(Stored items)
---
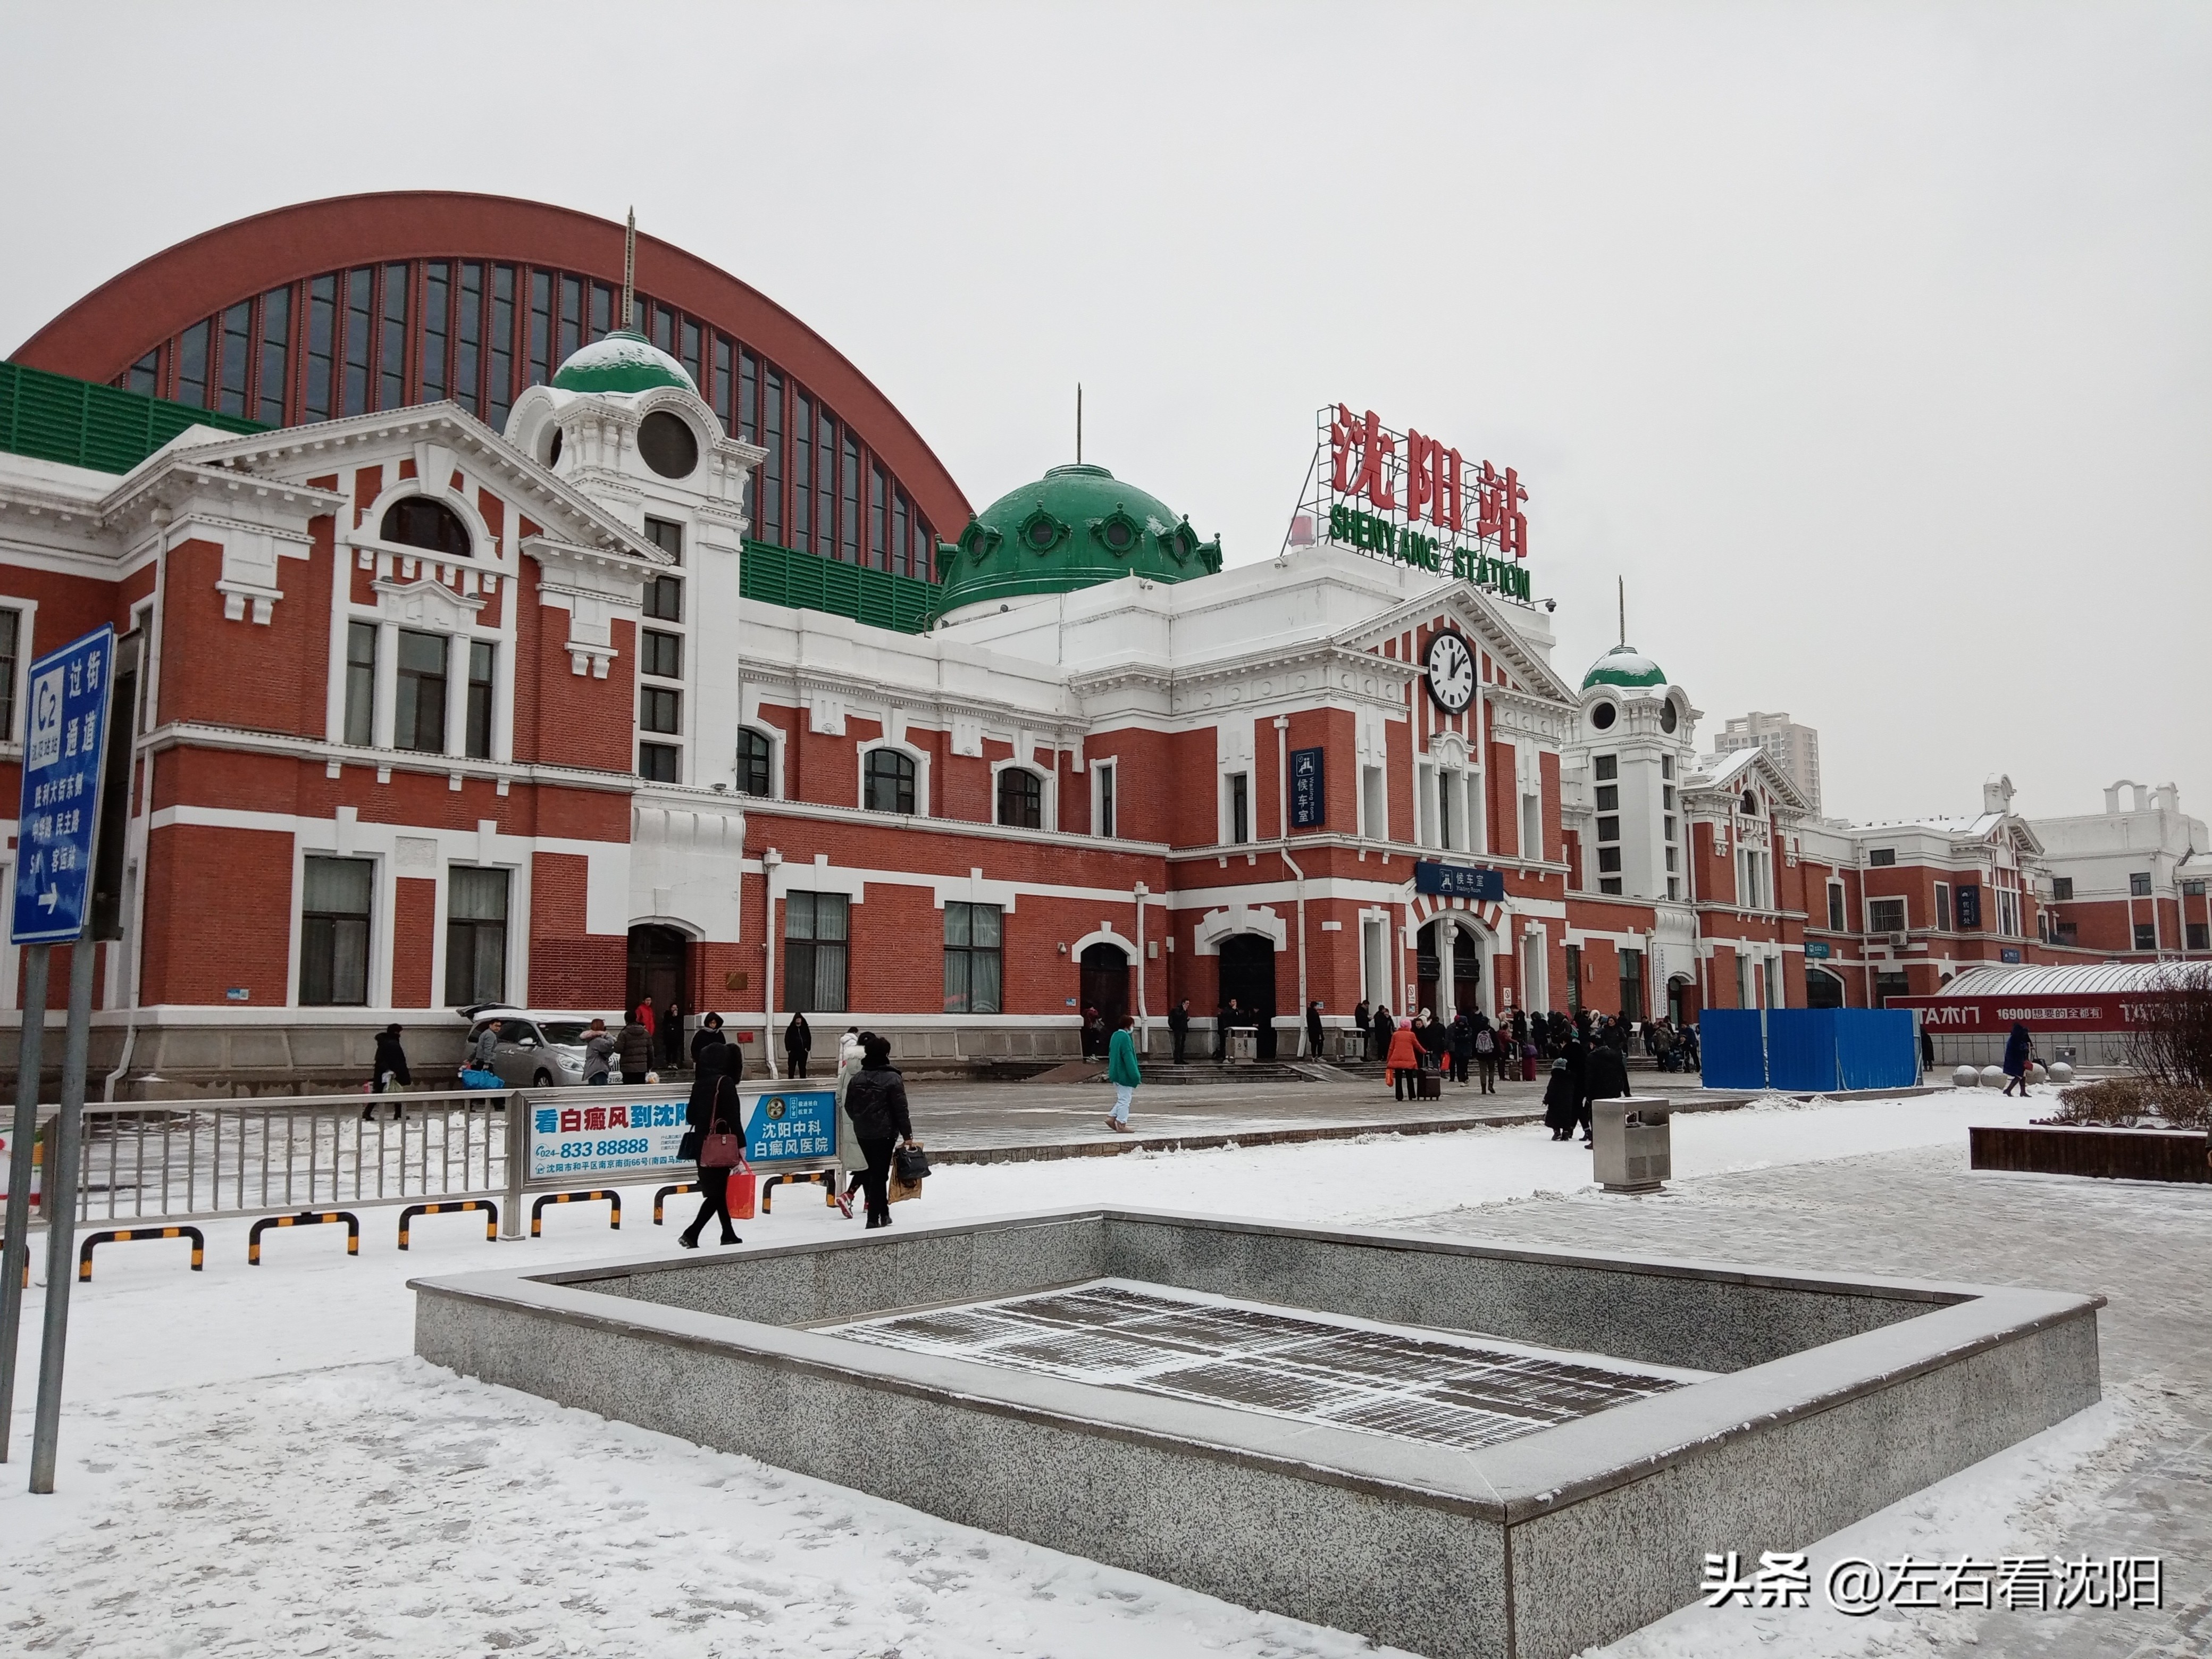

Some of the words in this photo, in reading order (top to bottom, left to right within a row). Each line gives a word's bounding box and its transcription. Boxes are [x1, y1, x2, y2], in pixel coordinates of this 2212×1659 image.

[1330, 403, 1529, 558] 沈阳站
[1330, 504, 1439, 572] SHENYANG
[1453, 546, 1530, 601] STATION
[69, 650, 101, 699] 过街
[38, 681, 56, 732] C2
[65, 709, 96, 759] 通道
[34, 772, 83, 809] 胜利大街东侧
[1297, 778, 1309, 823] 候车室
[1456, 872, 1484, 887] 候车室
[596, 1138, 648, 1156] 88888
[754, 1137, 828, 1158] 白癜风医院
[761, 1119, 822, 1139] 沈阳中科
---
Prompt:
Your answer must be an exact copy of the records, with no pictures in it.

Exercise output:
Some of the words in this photo, in reading order (top to bottom, left to right within a row). Each line gives a word's bounding box and its transcription. Boxes are [x1, y1, x2, y2], in pixel coordinates of this 2212×1659 image.

[1330, 403, 1529, 558] 沈阳站
[1330, 504, 1439, 572] SHENYANG
[1453, 546, 1530, 601] STATION
[69, 650, 101, 699] 过街
[38, 681, 56, 732] C2
[65, 709, 96, 759] 通道
[34, 772, 83, 809] 胜利大街东侧
[1297, 778, 1309, 823] 候车室
[1456, 872, 1484, 887] 候车室
[596, 1138, 648, 1156] 88888
[754, 1137, 828, 1158] 白癜风医院
[761, 1119, 822, 1139] 沈阳中科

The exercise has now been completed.